B5: Find the angle difference between point A and point B︱α°-β°︱, which is the equalization degree of the multi-head helical groove of the cylindrical zoom cam at the cross section H;

B6: Change the position of the cross-section H, repeat steps B3 to B5, and measure the equalization of the multi-head helical groove of the cylindrical zoom cam in other cross-sections.

It should be noted that when measuring the average division degree, when the spiral groove has two ends, the theoretical average division degree is 180°, and when the measured ︱α-β︱°=179.99°, the average The indexing error is 0.01°;

When the spiral groove has 3 heads, the theoretical average division is 120°, and when the measured ︱α-β︱°=120.02°, the average division error on the cross-section H is 0.02°.

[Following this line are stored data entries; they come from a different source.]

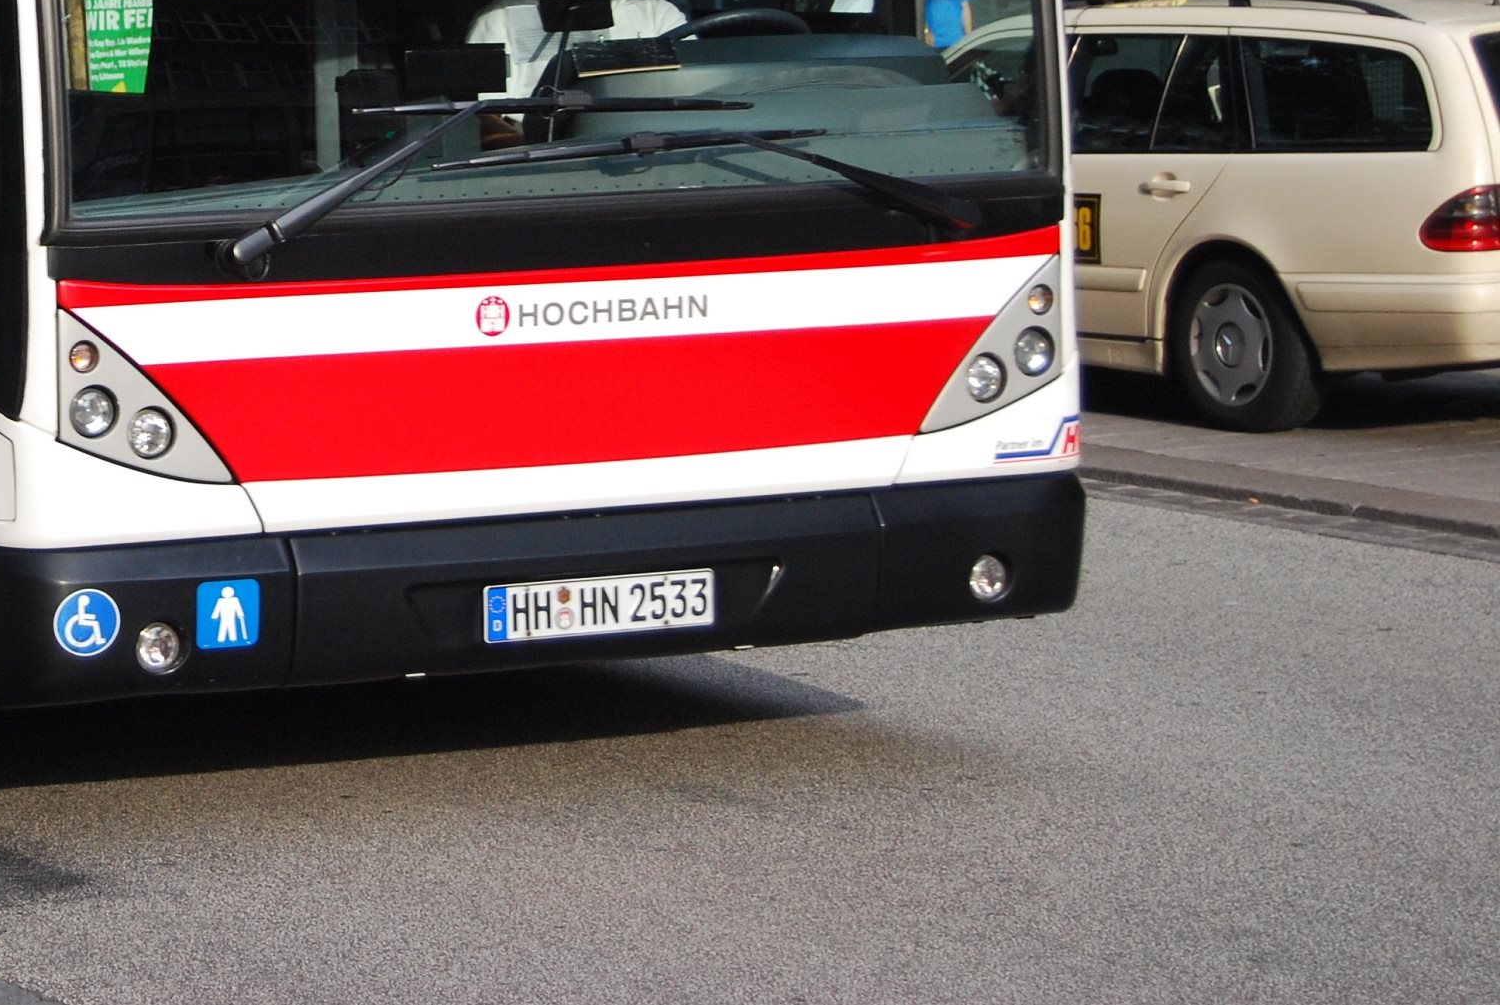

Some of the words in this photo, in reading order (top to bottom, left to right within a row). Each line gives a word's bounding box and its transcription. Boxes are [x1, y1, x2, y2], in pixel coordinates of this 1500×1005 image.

[86, 10, 120, 30] WIR
[518, 295, 708, 327] HOCHBAHN
[512, 590, 551, 632] HH
[580, 585, 619, 626] HN
[630, 578, 707, 623] 2533
[493, 619, 502, 632] D

It can be seen that the present invention can not only detect the degree of division of the multi-line spiral groove of the cylindrical zoom cam, but also calculate the machining error of the degree of division.

Claims (2)

1. a kind of cylinder zoom cam helical groove processing accuracy checking method, it is characterised in that comprise the following steps：

A, between cylinder zoom cam helical groove range error detection；

A1：Establish coordinate system XY；The Y-axis of the coordinate system overlaps with the center line of cylinder zoom cam；

A2：Direction of the preprepared measurement axle along X-axis is placed, and ensures that measure axle axial line connects with periphery Contactor normal overlaps；The external diameter of the measurement axle coordinates with cylinder zoom cam helical groove for gap；

A3：Measurement axle is moved along X-direction so that A points contact in measurement first helicla flute of axle and cylinder zoom cam, So as to obtain the spiral line coordinates (X of A points_a, Y_a)；

A4：Measurement axle is moved along Y direction so that B points contact in measurement second helicla flute of axle and cylinder zoom cam, So as to obtain the spiral line coordinates (X of B points_b, Y_b)；

A5：Pass through the Y direction coordinate difference ︱ Y between A points and B points_a-Y_b︱ is the relative distance d between two helicla flutes；Again Actual relative distance value D has just been obtained plus after the gap value between measurement axle external diameter and cylinder zoom cam helical groove；

D=d+ gap values

A6：According to the difference between actual relative distance D and theoretical size D1, determine cylinder zoom cam multi-head spiral groove it Between range error；

A7：Rotating cylindrical body zoom cam, repeat step A2 to step A6, all fittings between each helicla flute are clicked through Row measurement, draw the range error value sequence of all match points；

B, the detection that cylinder zoom cam multi-head spiral groove indexes；

B1：Establish coordinate system XY；The Y-axis of the coordinate system overlaps with the center line of cylinder zoom cam；

B2：Direction of the preprepared measurement axle along X-axis is placed, and ensures that measure axle axial line connects with periphery Contactor normal overlaps；The external diameter of the measurement axle coordinates with cylinder zoom cam helical groove for gap；

B3：Measurement axle is moved along X-direction so that A points contact in measurement first helicla flute of axle and cylinder zoom cam, So as to obtain α ° of the angle value of A points；

B4：Keep measurement shaft position motionless, cylinder zoom cam is rotated so that measurement axle and cylinder zoom cam B points contact in second helicla flute, so as to obtain β ° of the angle value of B points；The B points and A points are on same cross section H；It is described Cross section H is parallel with the bottom surface of cylinder zoom cam；

B5：It is cylinder zoom cam multi-head spiral groove at the H of cross section to seek-β ° of ︱ of differential seat angle ︱ α ° between A points and B points Index；

B6：Change cross section H position, repeat step B3 to step B5, measurement cylinder zoom cam multi-head spiral groove is at it The indexing of his cross section.

2. cylinder zoom cam helical groove processing accuracy checking method according to claim 1, it is characterised in that：It is described The gap value for measuring axle and helicla flute in cylinder zoom cam is 0.03~0.06mm.